Bu veriler sizce kimin profilinden alındı? Anadolu esnafının mı, Ankara’daki devlet memurlarının mı yoksa İstanbul belediyesi çalışanlarının mı? Hayır, bu profil geleceğin öğretmenlerine ait. ODTÜ Eğitim Fakültesi’nin bu yıl yaptığı anket çalışmasına göre tüm Türkiye’deki eğitim fakültesi 1’inci sınıf öğrencilerinin ön plana çıkan bazı özellikleri. Peki bu araştırmaya göre geleceğin ilköğretim ve lise öğretmenleri kim? 4-5 yıl sonra çocuklarımızı kime emanet edeceğiz? Geçen mayıs ayında yüzde 60’ı kız olmak üzere 18 bin 226 öğrencinin cevapladığı bu anketin ilginç sonuçları var. En başta bu öğretmen adayları sosyoekonomik seviyesi düşük taşralı işçi ve emekli ailelerinden geliyor. Örneğin anketi cevaplayan öğrencilerin ezici bir çoğunluğu devlet lisesi mezunu. Neredeyse üçte ikisi de düz lise mezunu. Özel okul bitirip eğitim fakültesine girenler parmakla sayılıyor. Ailelerinin öğrenim düzeyi de son derece düşük.

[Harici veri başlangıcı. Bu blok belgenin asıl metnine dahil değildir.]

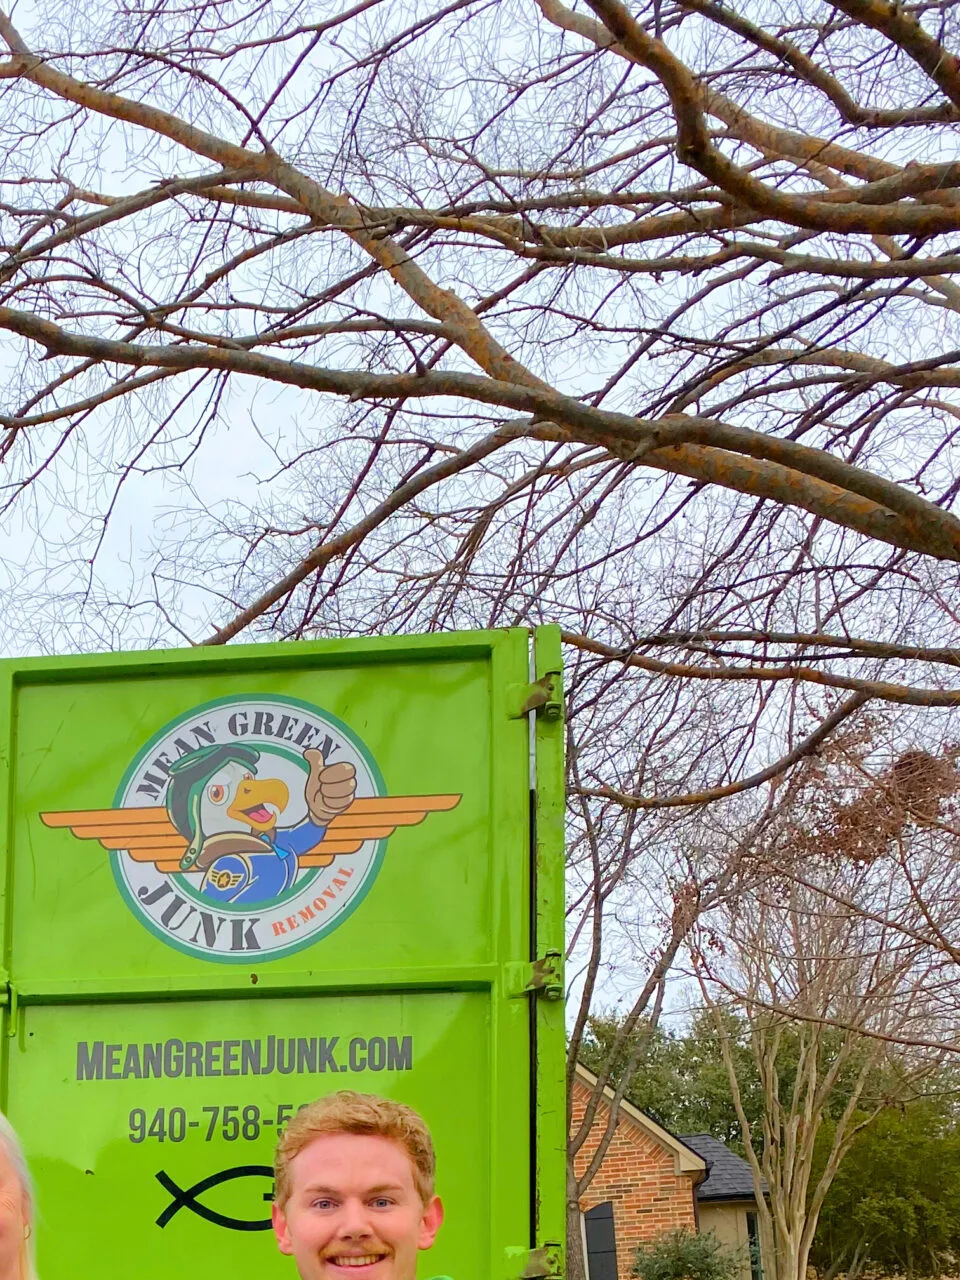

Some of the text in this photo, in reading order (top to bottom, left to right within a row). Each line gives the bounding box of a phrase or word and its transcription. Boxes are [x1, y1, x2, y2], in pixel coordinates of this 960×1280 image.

[136, 711, 341, 801] MEAN GREEN
[138, 866, 355, 951] JUNK REMOVAL
[128, 1104, 309, 1143] 940-758-5

Öğrencilerin yarısının annesi ancak 5 yıllık ilkokul diploması alabilmiş, yüzde 13’ünün annesi okuma yazma bile bilmiyor. Ama bu gençler kendilerini
tamamen taşralılıkla sınırlamamış. Hatırı sayılır bir okuma alışkanlığı edinmişler. Tamamına yakını haftada en az iki gün gazete okuyor. Ders kitaplarıyla yetinmiyor, romanın yanı sıra tarihi ve dini kitap okuyorlar. Halk müziğini seviyorlar ama asıl favorileri Türkçe pop. Ya siyasi düşünceleri nasıl? Tüm Türkiye gibi muhafazakár akımlardan etkilenmişler. Çoğunluğun yaşamında din önemli bir yer tutuyor: Bilimden sonuç alamayınca dine sarılıyor, dini toplumsal yaşamda önemli bir faktör olarak görüyorlar. Hatta okullarda karma eğitim modelini hiç benimseyenler ya da kısmen benimseyenlerin oranı yüzde 20’yi geçiyor. Buna paralel olarak Diyanet İşleri Başkanlığı da en güvendikleri kurumlar arasında dördüncü sırada geliyor. Ama sadece dini muhafazakárlık yok öğrencilerde, otoriter düşünceler de pek itibar görüyor. Onlar için en güvenilir kurumlar listesinin başında Türk Silahlı Kuvvetleri, Anayasa Mahkemesi ve Emniyet var. Türklük bilinci okulda öğretilmesi gereken değerlerin başında geliyor. Yaklaşık yüzde 80’i de Türkiye’nin Avrupa Birliği’ne üye olamayacağına inanıyor; zaten AB üyeliğinin Türkiye için yararlı olacağına inananların oranı yüzde 15’i geçmiyor.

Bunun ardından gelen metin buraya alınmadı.